[Extracted entries Boundary: Start]

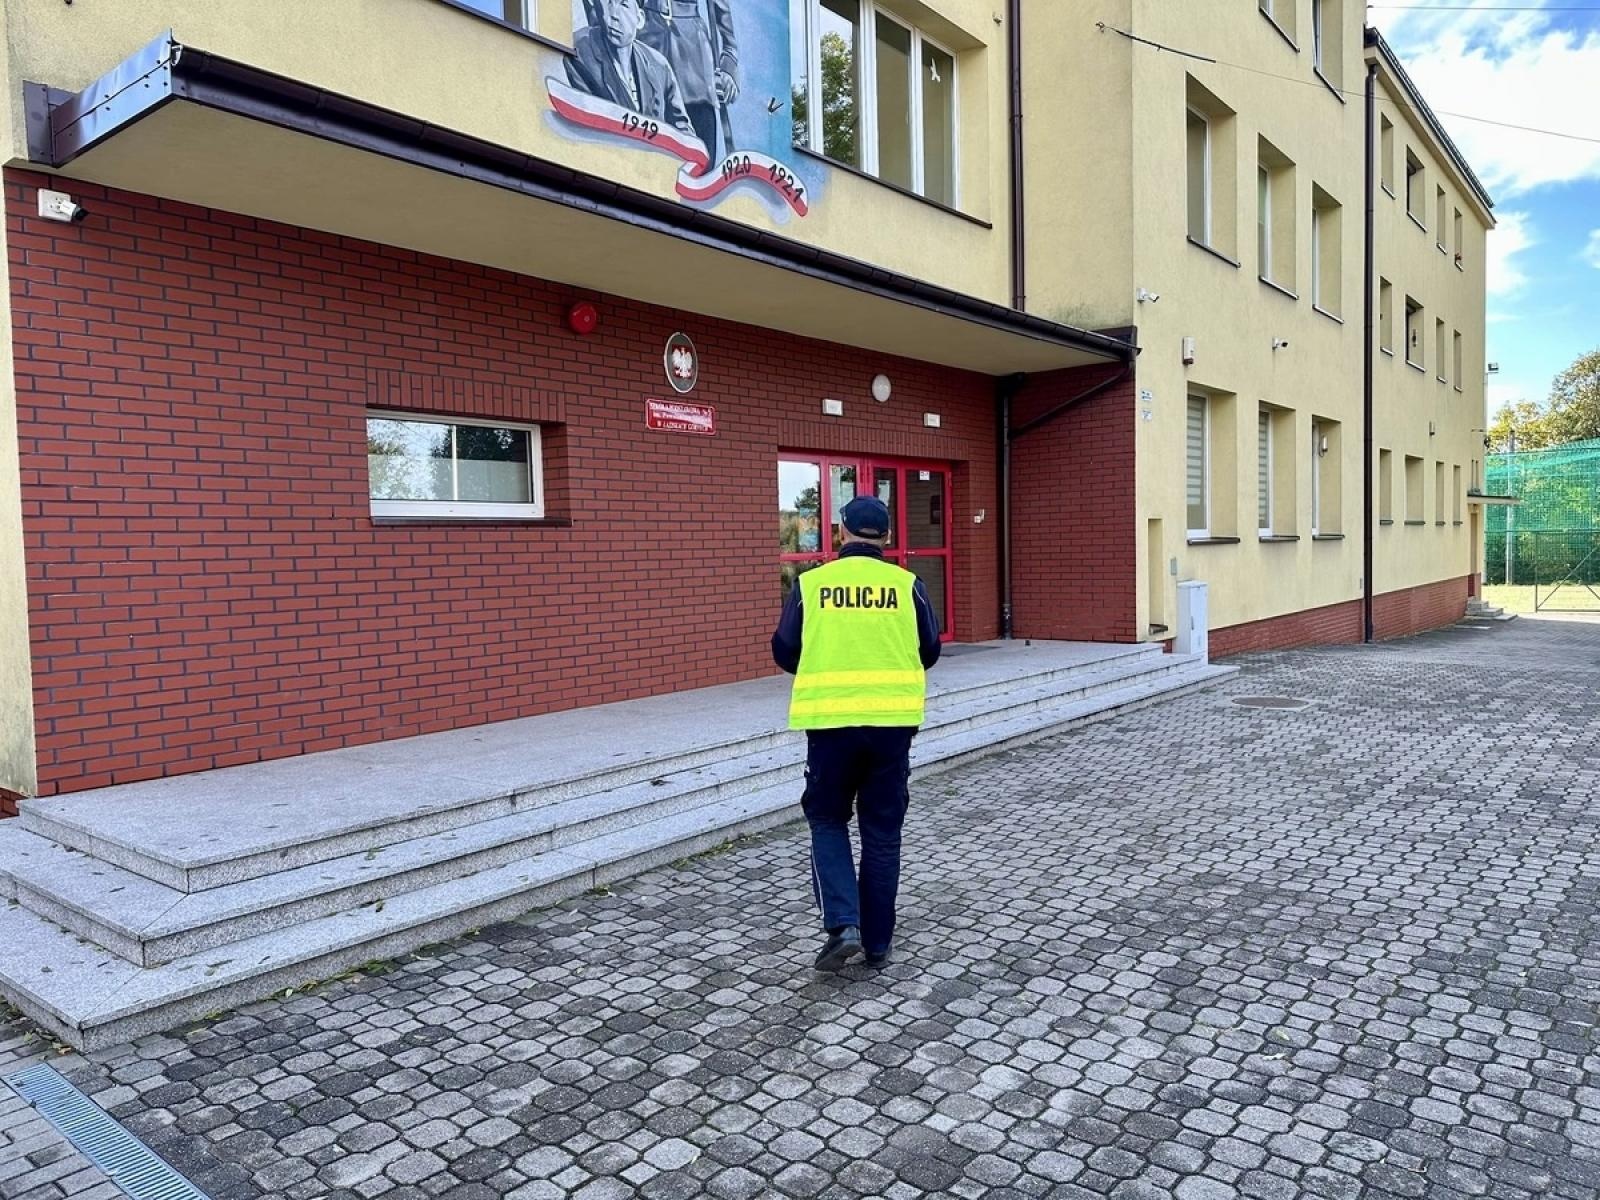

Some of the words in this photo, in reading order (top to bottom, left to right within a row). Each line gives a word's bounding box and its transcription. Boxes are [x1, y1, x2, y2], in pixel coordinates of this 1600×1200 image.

[622, 112, 659, 140] 1919
[721, 155, 752, 182] 1920
[768, 163, 804, 203] 1921
[819, 586, 898, 609] POLICJA

[Extracted entries Boundary: End]

■ Problem requirements:
Every entry should be returned exactly as written, minus the pictures.

■ Output for this exercise:
Some of the words in this photo, in reading order (top to bottom, left to right within a row). Each line gives a word's bounding box and its transcription. Boxes are [x1, y1, x2, y2], in pixel coordinates of this 1600×1200 image.

[622, 112, 659, 140] 1919
[721, 155, 752, 182] 1920
[768, 163, 804, 203] 1921
[819, 586, 898, 609] POLICJA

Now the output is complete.